DATA LISTING:
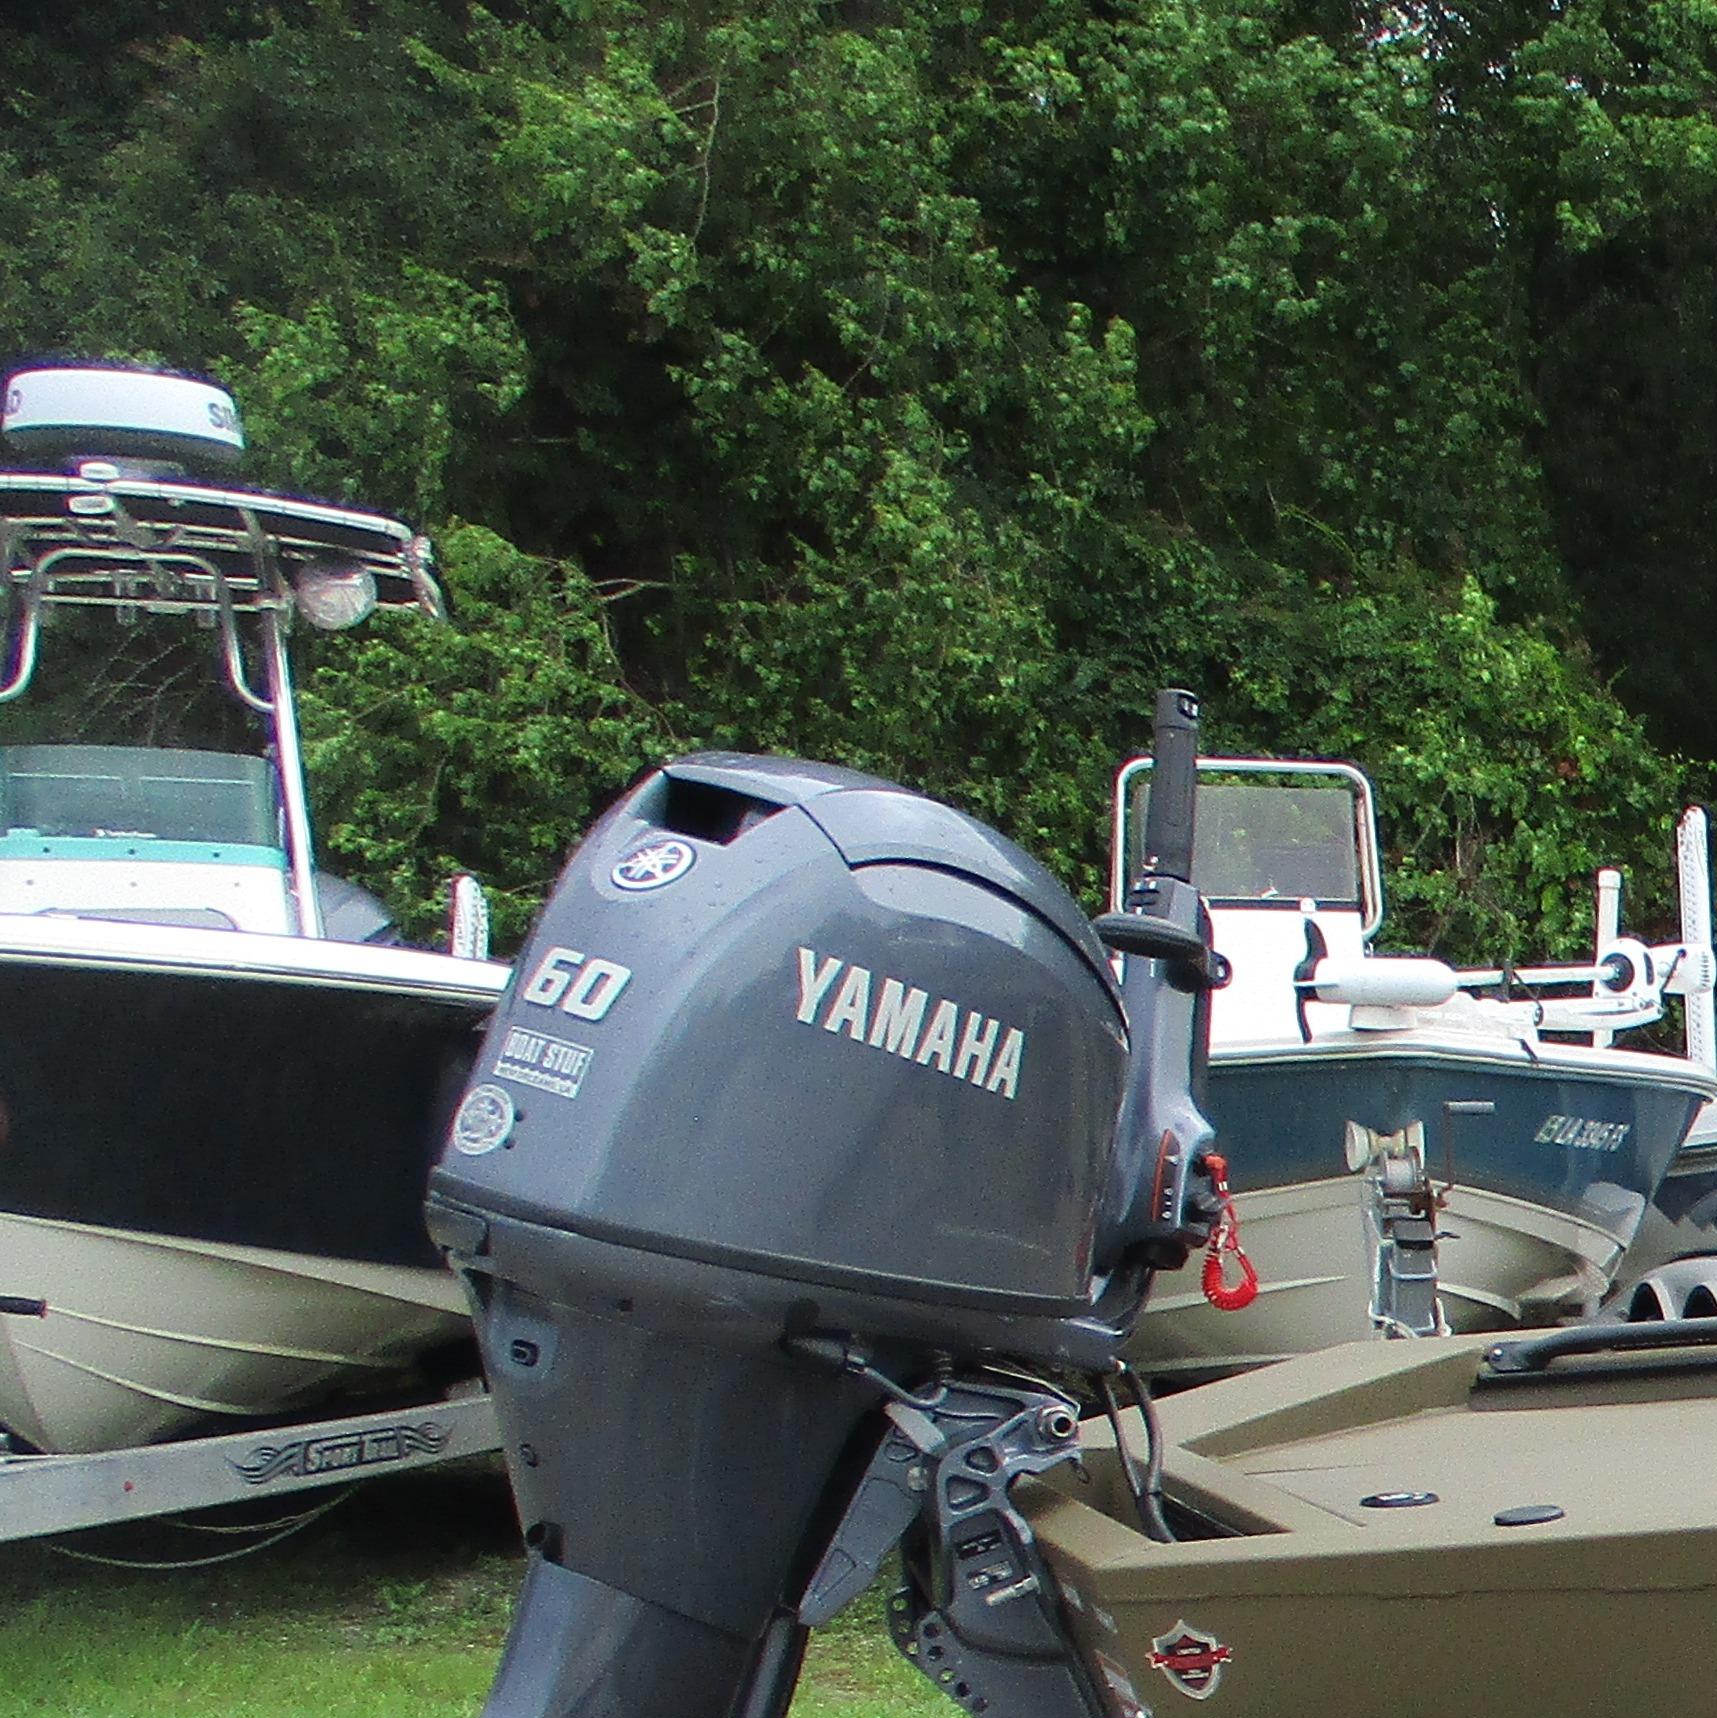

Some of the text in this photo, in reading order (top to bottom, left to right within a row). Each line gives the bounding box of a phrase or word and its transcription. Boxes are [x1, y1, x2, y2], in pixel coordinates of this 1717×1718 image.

[523, 945, 633, 1023] 60
[795, 945, 1026, 1100] YAMAHA
[540, 1044, 587, 1076] STUF
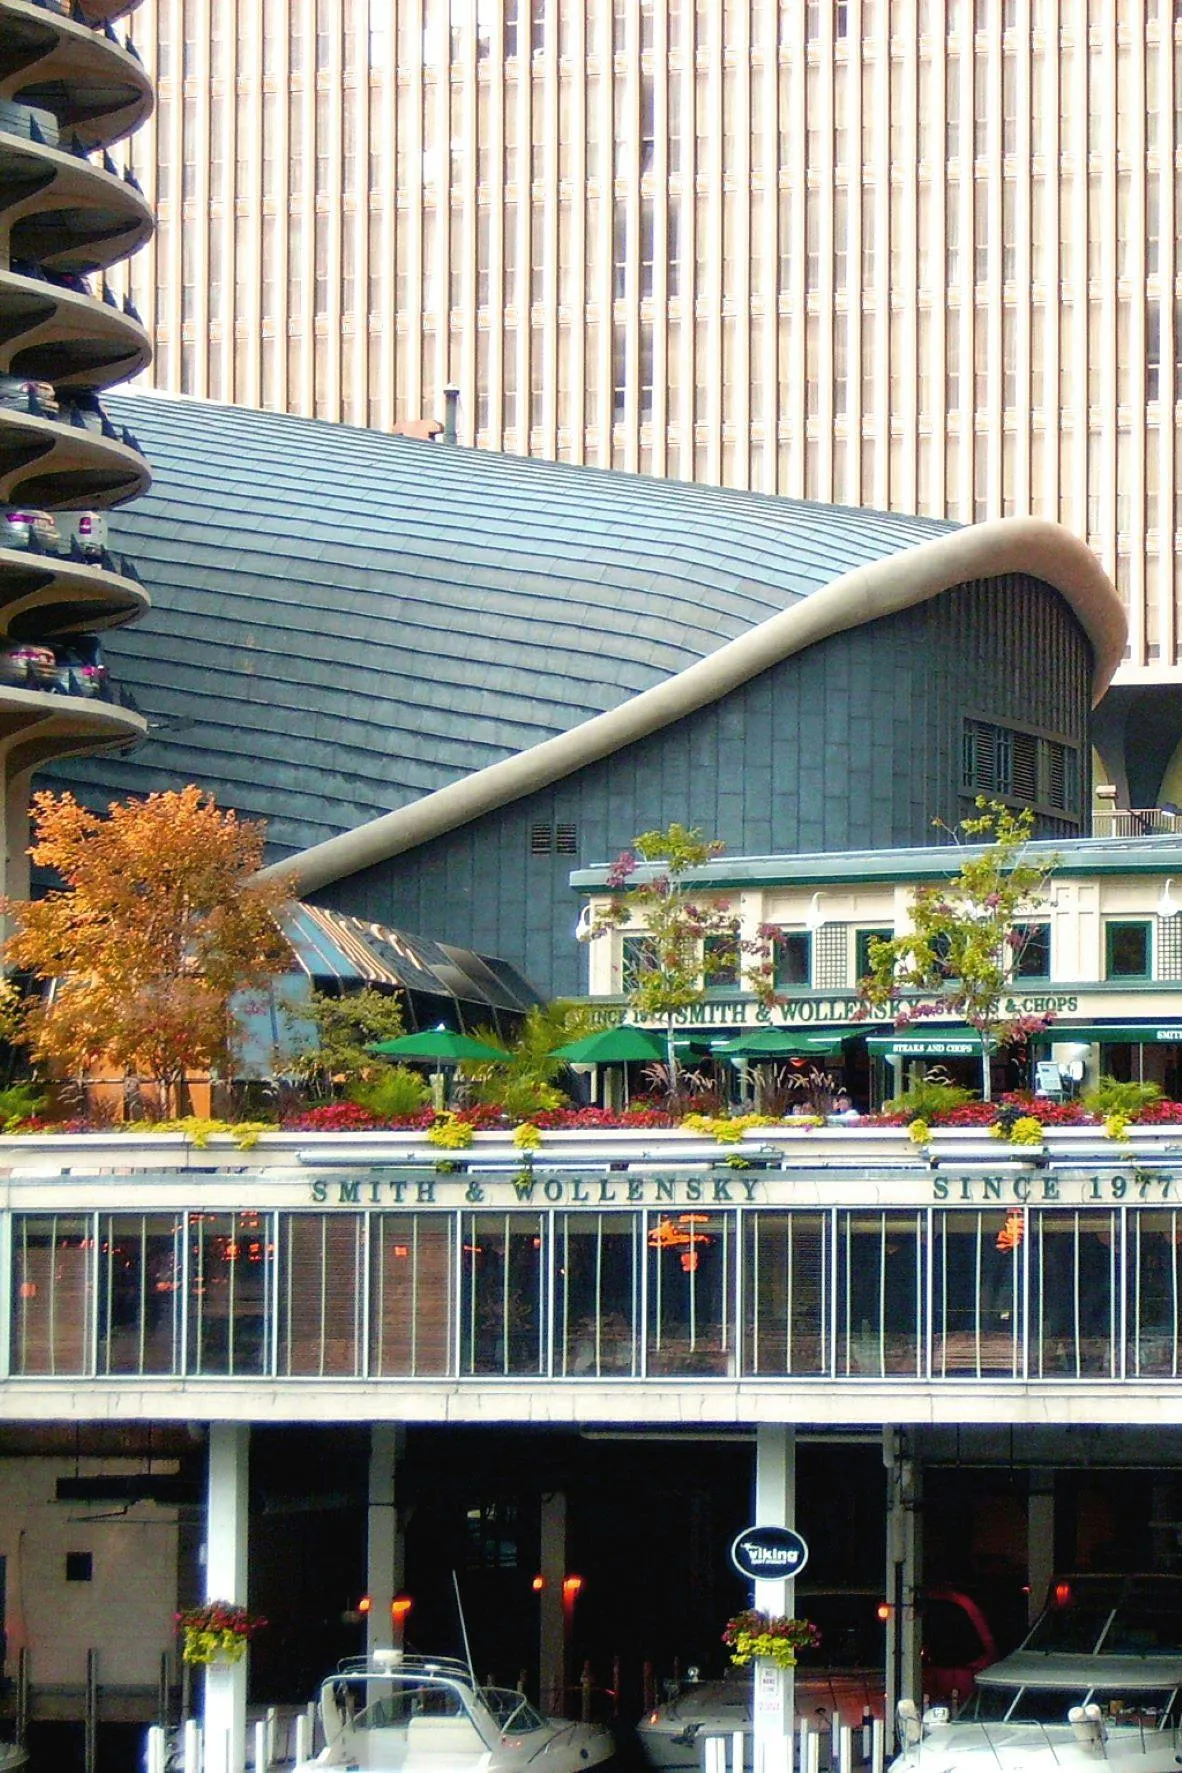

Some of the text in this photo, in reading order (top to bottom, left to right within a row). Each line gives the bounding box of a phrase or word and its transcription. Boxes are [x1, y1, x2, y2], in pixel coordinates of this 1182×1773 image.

[675, 1002, 747, 1025] SMITH
[755, 1002, 772, 1023] &
[1005, 997, 1019, 1013] &
[1022, 996, 1078, 1013] CHOPS
[893, 1043, 973, 1053] STEAKS AND CHOPS
[312, 1176, 759, 1203] SMITH & WOLLENSKY
[933, 1175, 1175, 1200] SINCE 1977
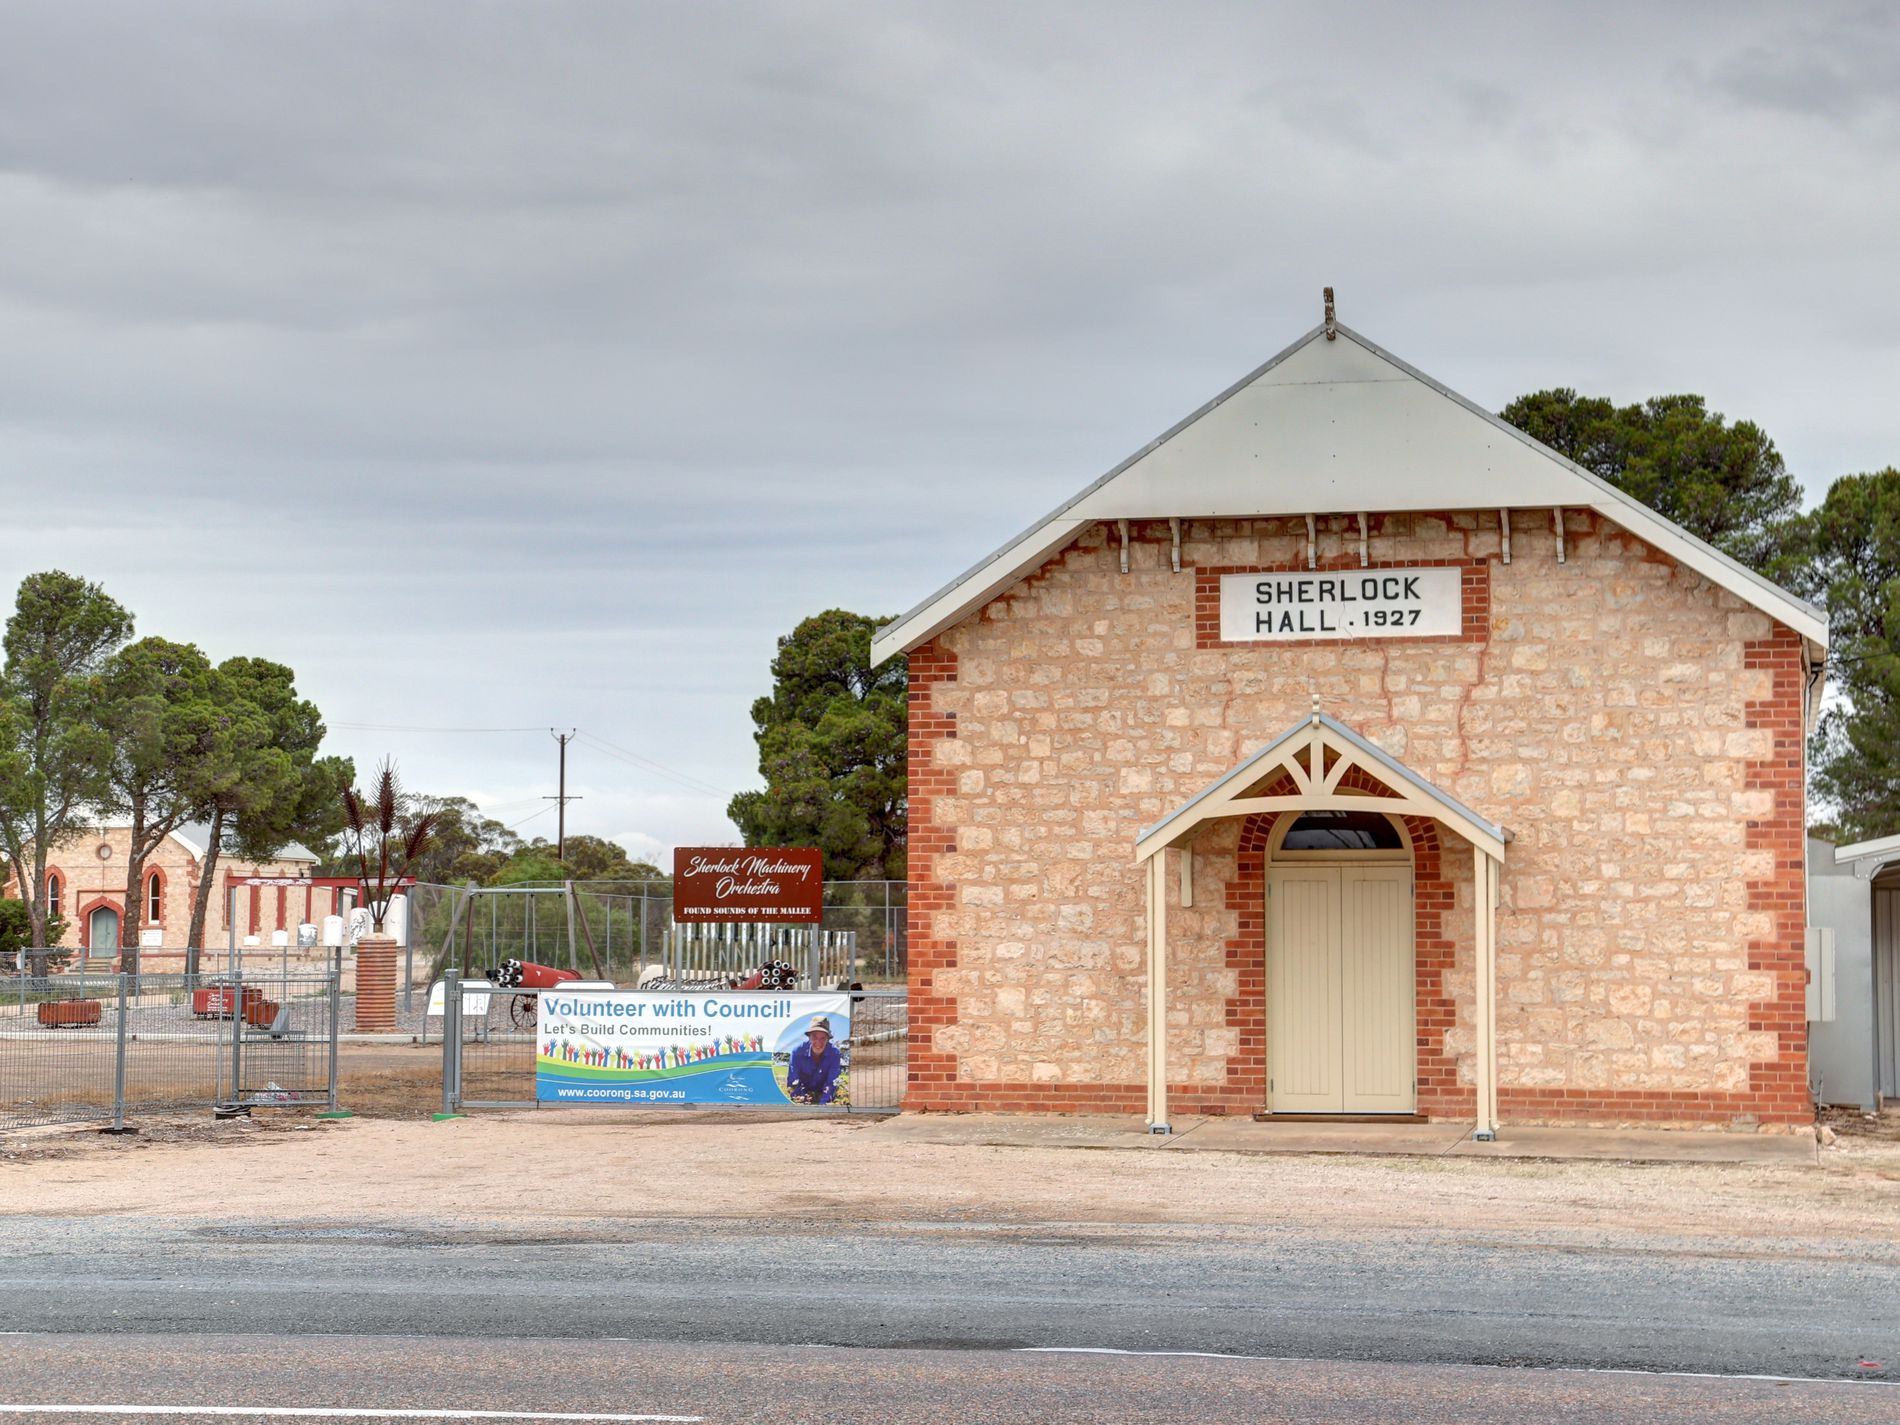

ACTION ITEM:
Transcribe each line of the material above verbatim, but do not include the images.

RESPONSE AREA:
Some of the text in this photo, in reading order (top to bottom, left to right within a row). Each line gives the bounding box of a phrase or word and its transcription. Boxes are [x1, y1, x2, y2], in pixel coordinates of this 1717×1718 image.

[523, 945, 633, 1023] 60
[795, 945, 1026, 1100] YAMAHA
[540, 1044, 587, 1076] STUF

Some of the text in this photo, in reading order (top to bottom, left to right within a row). Each line gives the bounding box of a phrase or word and its transcription. Boxes are [x1, y1, x2, y2], in pixel coordinates of this 1182×1773 image.

[675, 1002, 747, 1025] SMITH
[755, 1002, 772, 1023] &
[1005, 997, 1019, 1013] &
[1022, 996, 1078, 1013] CHOPS
[893, 1043, 973, 1053] STEAKS AND CHOPS
[312, 1176, 759, 1203] SMITH & WOLLENSKY
[933, 1175, 1175, 1200] SINCE 1977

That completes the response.